- [Task prompt] Line by line, transcribe the data below exactly and pass over the images.

───── Excerpted data

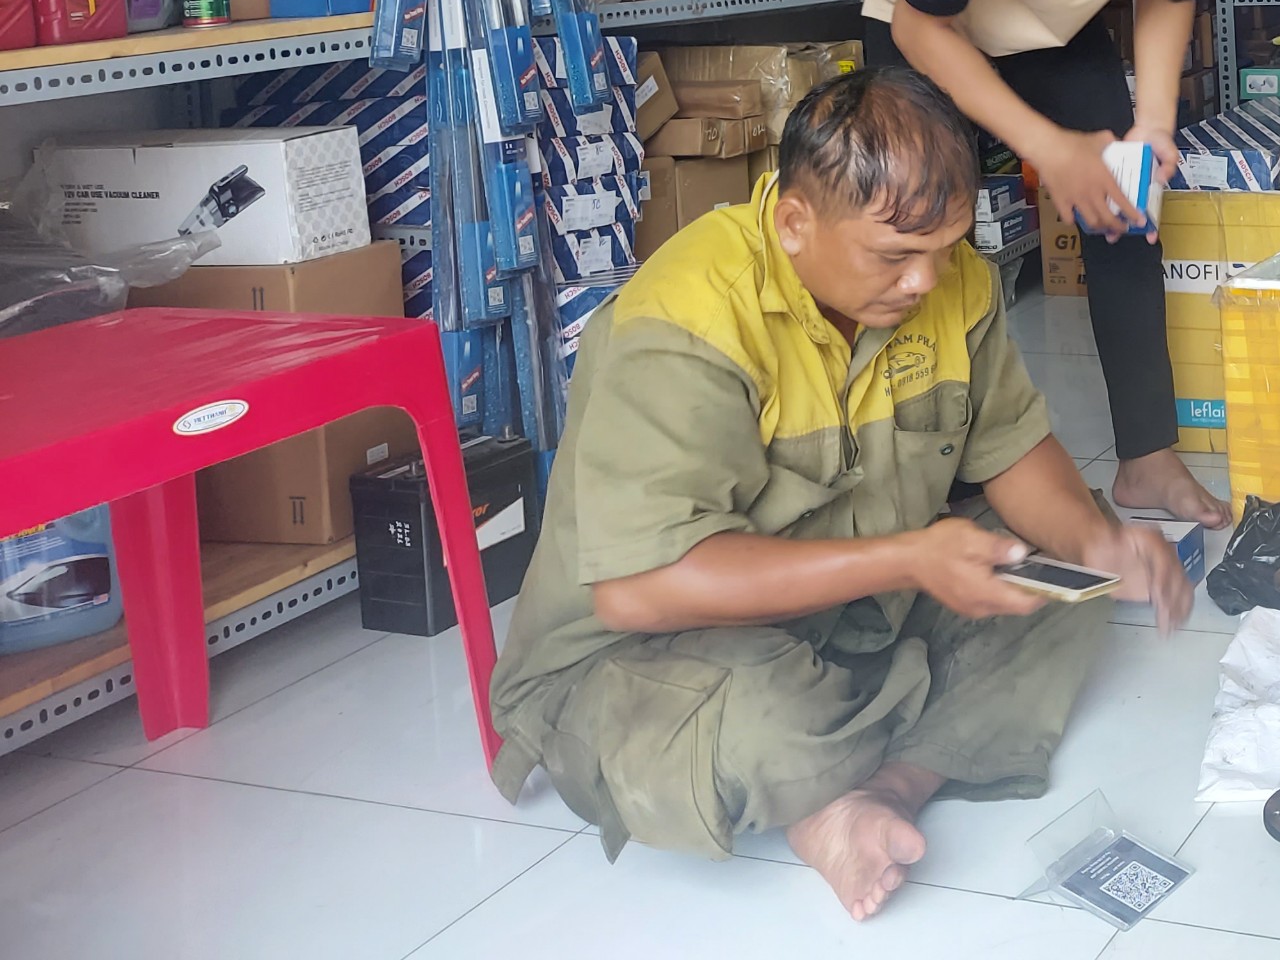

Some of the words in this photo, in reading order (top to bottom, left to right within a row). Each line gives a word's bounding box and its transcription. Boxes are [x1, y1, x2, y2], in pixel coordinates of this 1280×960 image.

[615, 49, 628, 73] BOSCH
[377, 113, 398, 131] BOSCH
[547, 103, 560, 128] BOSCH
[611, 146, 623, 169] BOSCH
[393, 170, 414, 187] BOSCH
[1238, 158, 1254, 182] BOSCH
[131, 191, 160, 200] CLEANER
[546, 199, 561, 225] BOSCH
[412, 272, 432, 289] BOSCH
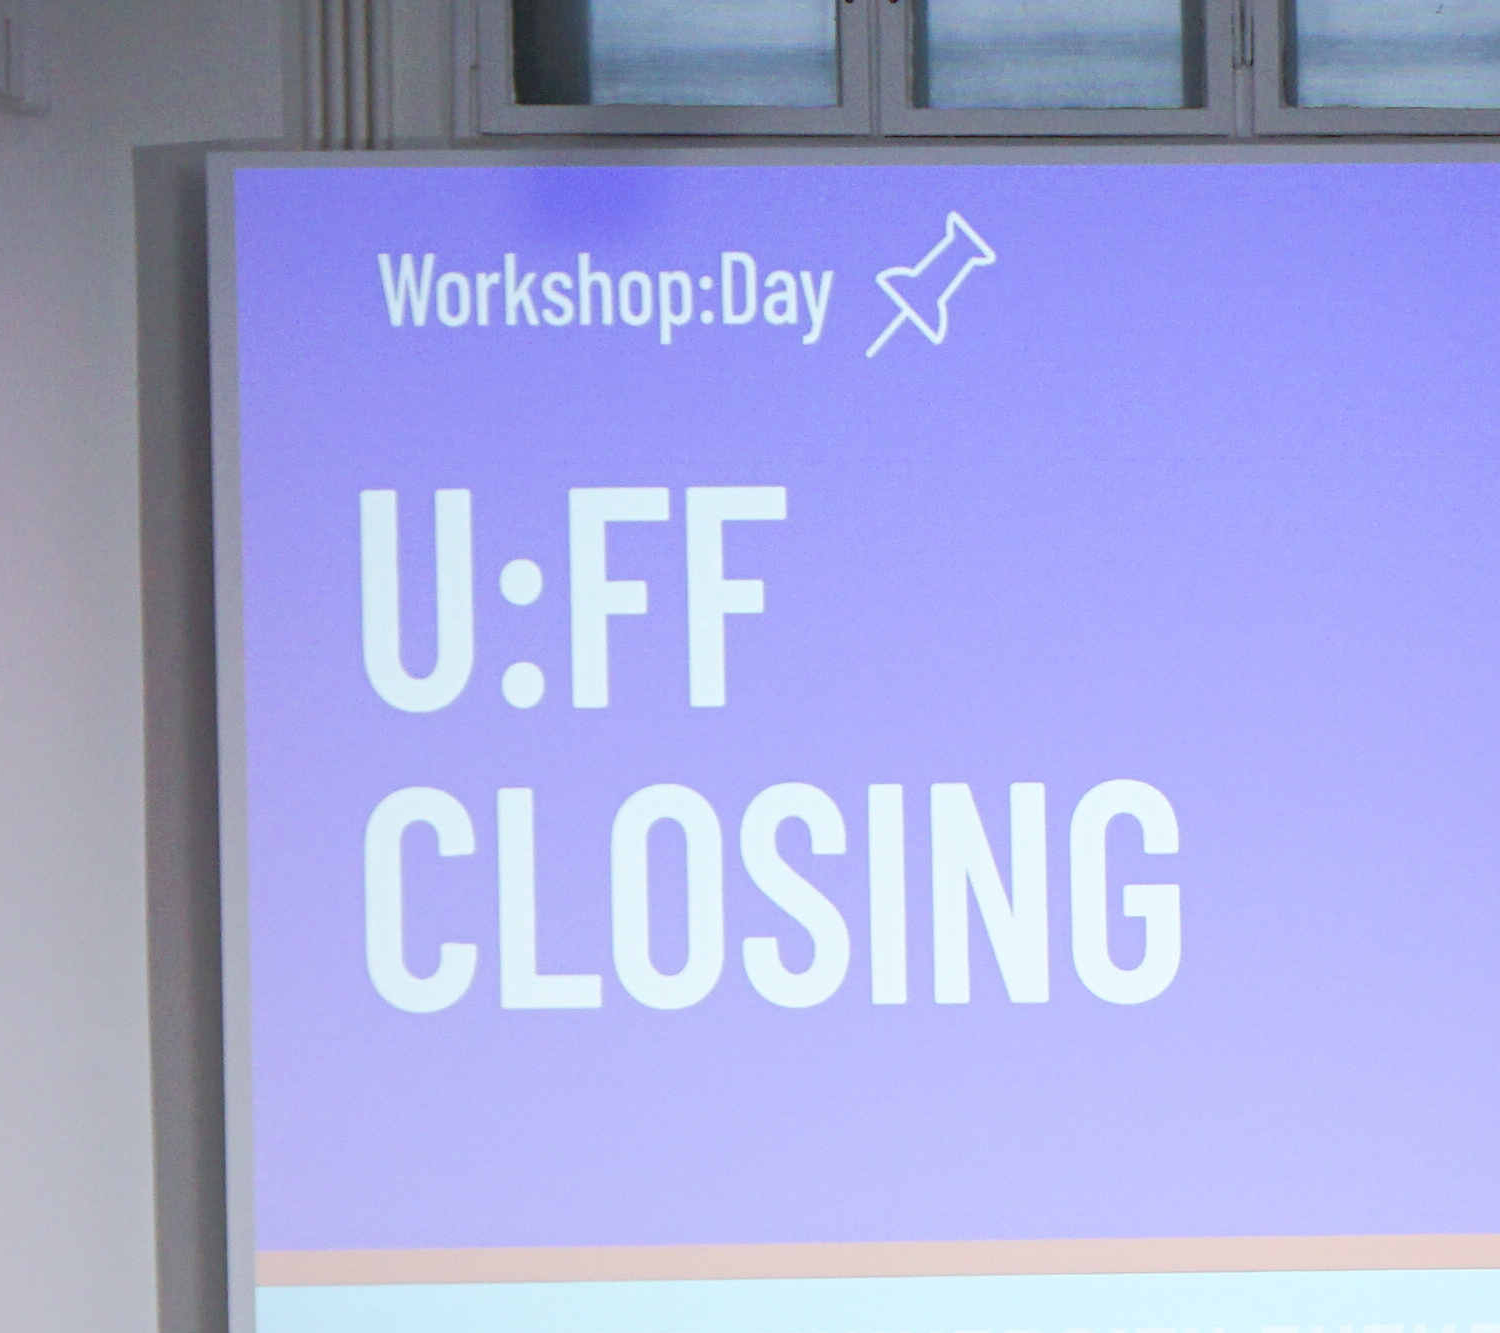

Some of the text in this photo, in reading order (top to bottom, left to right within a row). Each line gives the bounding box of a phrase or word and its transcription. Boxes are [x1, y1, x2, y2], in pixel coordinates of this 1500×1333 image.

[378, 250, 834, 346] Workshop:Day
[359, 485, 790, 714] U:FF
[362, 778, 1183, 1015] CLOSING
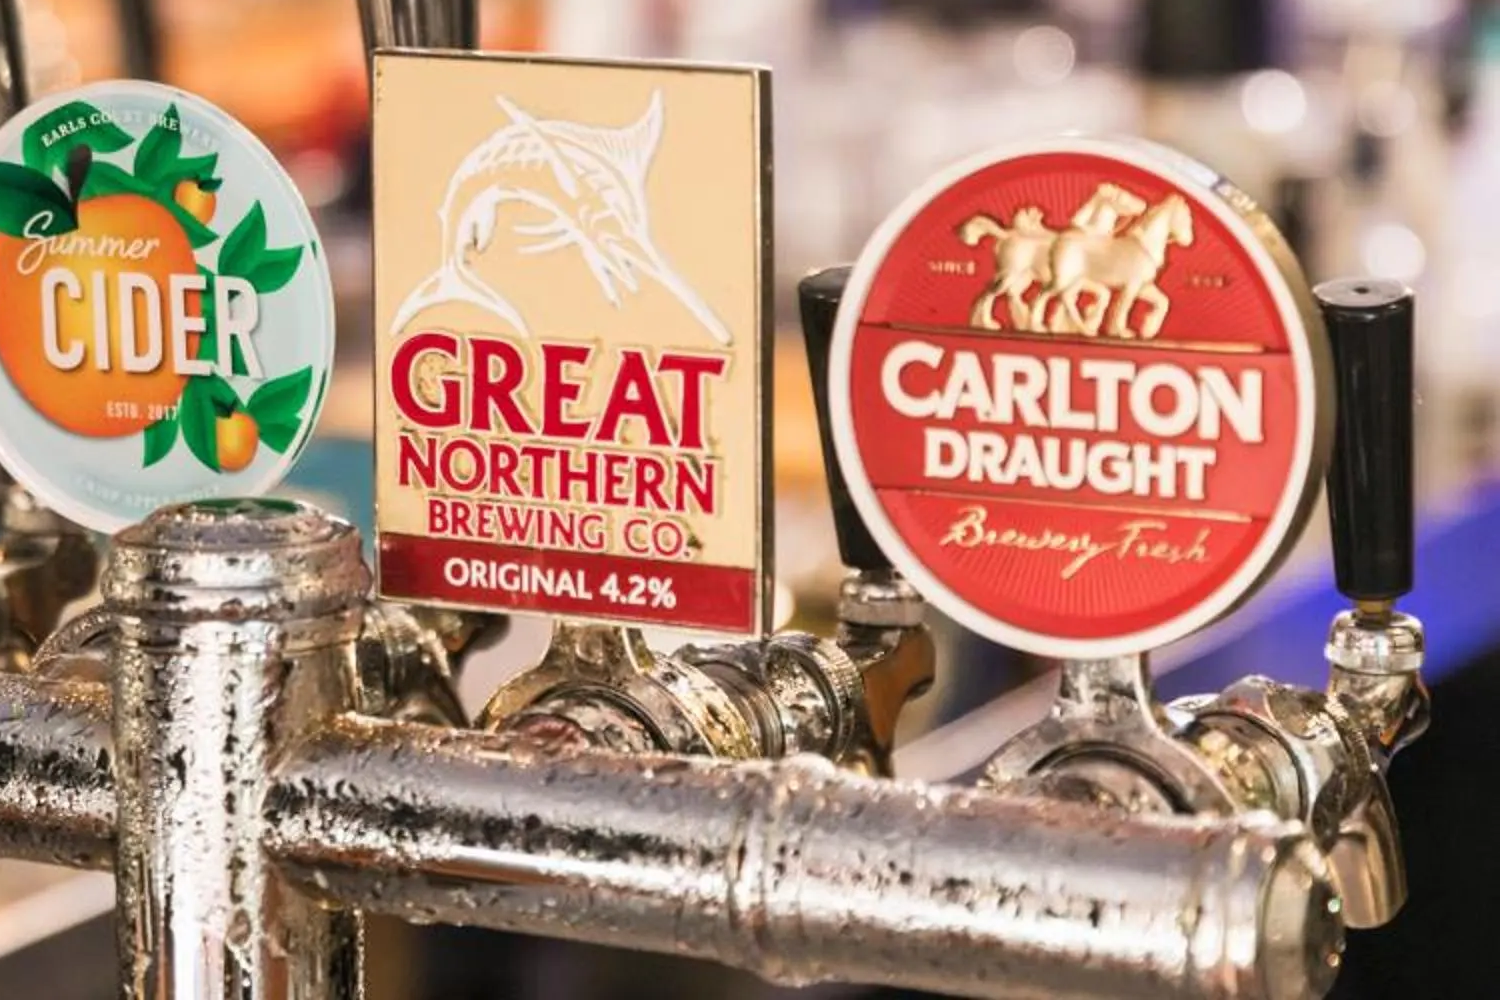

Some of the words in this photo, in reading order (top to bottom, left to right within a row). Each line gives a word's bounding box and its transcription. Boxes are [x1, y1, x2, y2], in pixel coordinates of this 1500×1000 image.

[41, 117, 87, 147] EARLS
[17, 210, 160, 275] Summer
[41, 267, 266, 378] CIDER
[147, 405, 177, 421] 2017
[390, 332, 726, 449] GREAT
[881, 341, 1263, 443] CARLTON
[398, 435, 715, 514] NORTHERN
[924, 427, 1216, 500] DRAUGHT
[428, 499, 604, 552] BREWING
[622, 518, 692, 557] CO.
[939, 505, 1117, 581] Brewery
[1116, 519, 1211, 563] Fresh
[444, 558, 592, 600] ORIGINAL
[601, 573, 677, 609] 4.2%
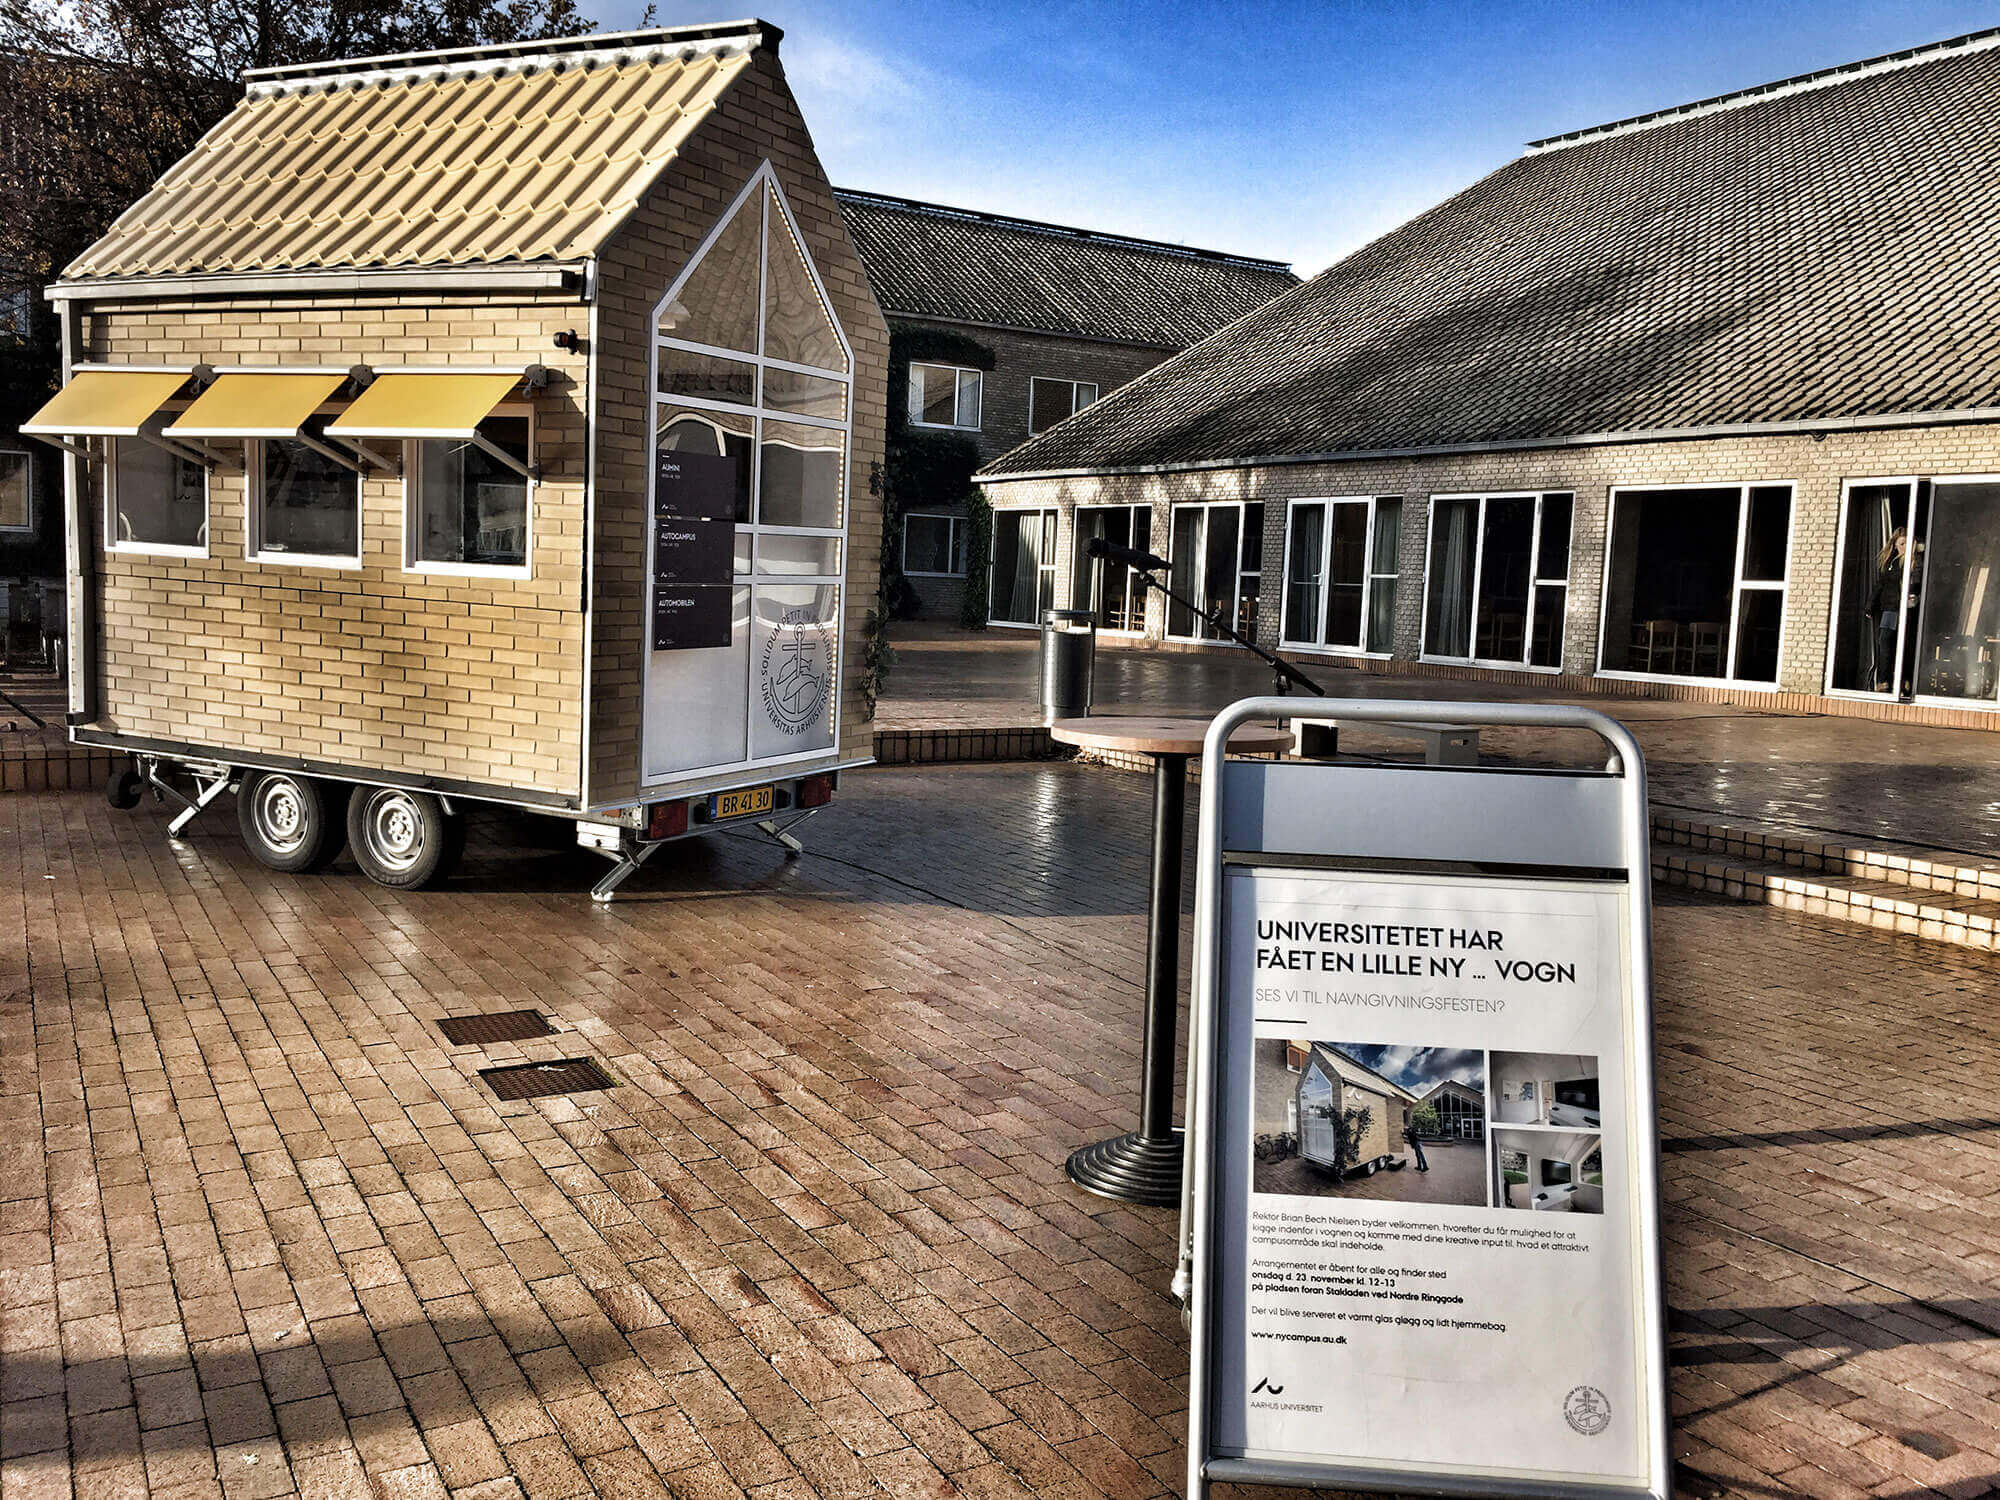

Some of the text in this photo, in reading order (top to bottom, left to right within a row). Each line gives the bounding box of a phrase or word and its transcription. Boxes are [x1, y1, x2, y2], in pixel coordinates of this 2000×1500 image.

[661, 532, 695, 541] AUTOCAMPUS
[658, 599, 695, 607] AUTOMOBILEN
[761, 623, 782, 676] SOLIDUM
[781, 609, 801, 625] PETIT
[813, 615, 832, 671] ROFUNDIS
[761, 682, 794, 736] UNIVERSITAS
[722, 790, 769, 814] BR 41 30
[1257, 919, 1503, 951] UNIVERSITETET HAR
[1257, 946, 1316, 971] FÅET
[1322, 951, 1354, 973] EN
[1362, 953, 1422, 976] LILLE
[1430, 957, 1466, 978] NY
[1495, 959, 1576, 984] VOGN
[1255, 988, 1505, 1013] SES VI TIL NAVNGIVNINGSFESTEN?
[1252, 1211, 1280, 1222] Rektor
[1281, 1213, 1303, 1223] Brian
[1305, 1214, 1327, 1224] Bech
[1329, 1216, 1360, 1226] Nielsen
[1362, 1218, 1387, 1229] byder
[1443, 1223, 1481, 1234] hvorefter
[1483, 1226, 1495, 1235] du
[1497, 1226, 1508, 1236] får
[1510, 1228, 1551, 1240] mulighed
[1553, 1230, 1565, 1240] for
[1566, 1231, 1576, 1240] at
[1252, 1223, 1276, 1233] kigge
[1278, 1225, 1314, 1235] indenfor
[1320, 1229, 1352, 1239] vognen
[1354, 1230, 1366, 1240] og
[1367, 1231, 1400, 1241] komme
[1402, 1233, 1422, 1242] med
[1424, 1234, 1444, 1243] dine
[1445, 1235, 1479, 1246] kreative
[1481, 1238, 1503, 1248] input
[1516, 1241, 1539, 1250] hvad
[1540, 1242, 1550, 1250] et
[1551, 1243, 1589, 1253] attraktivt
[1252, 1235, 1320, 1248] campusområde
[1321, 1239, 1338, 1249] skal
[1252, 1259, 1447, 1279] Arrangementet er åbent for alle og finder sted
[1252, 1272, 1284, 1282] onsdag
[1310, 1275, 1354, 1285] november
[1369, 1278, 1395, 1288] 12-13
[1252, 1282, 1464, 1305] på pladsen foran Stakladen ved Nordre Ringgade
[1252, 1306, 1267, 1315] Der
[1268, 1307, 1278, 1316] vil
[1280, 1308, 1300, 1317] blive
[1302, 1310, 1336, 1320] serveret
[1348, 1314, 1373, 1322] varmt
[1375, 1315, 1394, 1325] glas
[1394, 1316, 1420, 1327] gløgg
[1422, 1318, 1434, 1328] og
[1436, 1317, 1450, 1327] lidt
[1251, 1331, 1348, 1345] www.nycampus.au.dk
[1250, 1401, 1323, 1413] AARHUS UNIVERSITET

──────────

- [Finished exercise]
Some of the words in this photo, in reading order (top to bottom, left to right within a row). Each line gives a word's bounding box and its transcription. Boxes are [x1, y1, x2, y2], in pixel coordinates of this 1280×960 image.

[615, 49, 628, 73] BOSCH
[377, 113, 398, 131] BOSCH
[547, 103, 560, 128] BOSCH
[611, 146, 623, 169] BOSCH
[393, 170, 414, 187] BOSCH
[1238, 158, 1254, 182] BOSCH
[131, 191, 160, 200] CLEANER
[546, 199, 561, 225] BOSCH
[412, 272, 432, 289] BOSCH

Some of the text in this photo, in reading order (top to bottom, left to right within a row). Each line gives the bounding box of a phrase or word and its transcription. Boxes are [x1, y1, x2, y2], in pixel coordinates of this 1500×1333 image.

[378, 250, 834, 346] Workshop:Day
[359, 485, 790, 714] U:FF
[362, 778, 1183, 1015] CLOSING

Some of the words in this photo, in reading order (top to bottom, left to right within a row). Each line gives a word's bounding box and its transcription. Boxes are [x1, y1, x2, y2], in pixel coordinates of this 1500×1000 image.

[41, 117, 87, 147] EARLS
[17, 210, 160, 275] Summer
[41, 267, 266, 378] CIDER
[147, 405, 177, 421] 2017
[390, 332, 726, 449] GREAT
[881, 341, 1263, 443] CARLTON
[398, 435, 715, 514] NORTHERN
[924, 427, 1216, 500] DRAUGHT
[428, 499, 604, 552] BREWING
[622, 518, 692, 557] CO.
[939, 505, 1117, 581] Brewery
[1116, 519, 1211, 563] Fresh
[444, 558, 592, 600] ORIGINAL
[601, 573, 677, 609] 4.2%

Some of the text in this photo, in reading order (top to bottom, left to right within a row). Each line gives the bounding box of a phrase or word and its transcription. Boxes are [x1, y1, x2, y2], in pixel coordinates of this 2000×1500 image.

[661, 532, 695, 541] AUTOCAMPUS
[658, 599, 695, 607] AUTOMOBILEN
[761, 623, 782, 676] SOLIDUM
[781, 609, 801, 625] PETIT
[813, 615, 832, 671] ROFUNDIS
[761, 682, 794, 736] UNIVERSITAS
[722, 790, 769, 814] BR 41 30
[1257, 919, 1503, 951] UNIVERSITETET HAR
[1257, 946, 1316, 971] FÅET
[1322, 951, 1354, 973] EN
[1362, 953, 1422, 976] LILLE
[1430, 957, 1466, 978] NY
[1495, 959, 1576, 984] VOGN
[1255, 988, 1505, 1013] SES VI TIL NAVNGIVNINGSFESTEN?
[1252, 1211, 1280, 1222] Rektor
[1281, 1213, 1303, 1223] Brian
[1305, 1214, 1327, 1224] Bech
[1329, 1216, 1360, 1226] Nielsen
[1362, 1218, 1387, 1229] byder
[1443, 1223, 1481, 1234] hvorefter
[1483, 1226, 1495, 1235] du
[1497, 1226, 1508, 1236] får
[1510, 1228, 1551, 1240] mulighed
[1553, 1230, 1565, 1240] for
[1566, 1231, 1576, 1240] at
[1252, 1223, 1276, 1233] kigge
[1278, 1225, 1314, 1235] indenfor
[1320, 1229, 1352, 1239] vognen
[1354, 1230, 1366, 1240] og
[1367, 1231, 1400, 1241] komme
[1402, 1233, 1422, 1242] med
[1424, 1234, 1444, 1243] dine
[1445, 1235, 1479, 1246] kreative
[1481, 1238, 1503, 1248] input
[1516, 1241, 1539, 1250] hvad
[1540, 1242, 1550, 1250] et
[1551, 1243, 1589, 1253] attraktivt
[1252, 1235, 1320, 1248] campusområde
[1321, 1239, 1338, 1249] skal
[1252, 1259, 1447, 1279] Arrangementet er åbent for alle og finder sted
[1252, 1272, 1284, 1282] onsdag
[1310, 1275, 1354, 1285] november
[1369, 1278, 1395, 1288] 12-13
[1252, 1282, 1464, 1305] på pladsen foran Stakladen ved Nordre Ringgade
[1252, 1306, 1267, 1315] Der
[1268, 1307, 1278, 1316] vil
[1280, 1308, 1300, 1317] blive
[1302, 1310, 1336, 1320] serveret
[1348, 1314, 1373, 1322] varmt
[1375, 1315, 1394, 1325] glas
[1394, 1316, 1420, 1327] gløgg
[1422, 1318, 1434, 1328] og
[1436, 1317, 1450, 1327] lidt
[1251, 1331, 1348, 1345] www.nycampus.au.dk
[1250, 1401, 1323, 1413] AARHUS UNIVERSITET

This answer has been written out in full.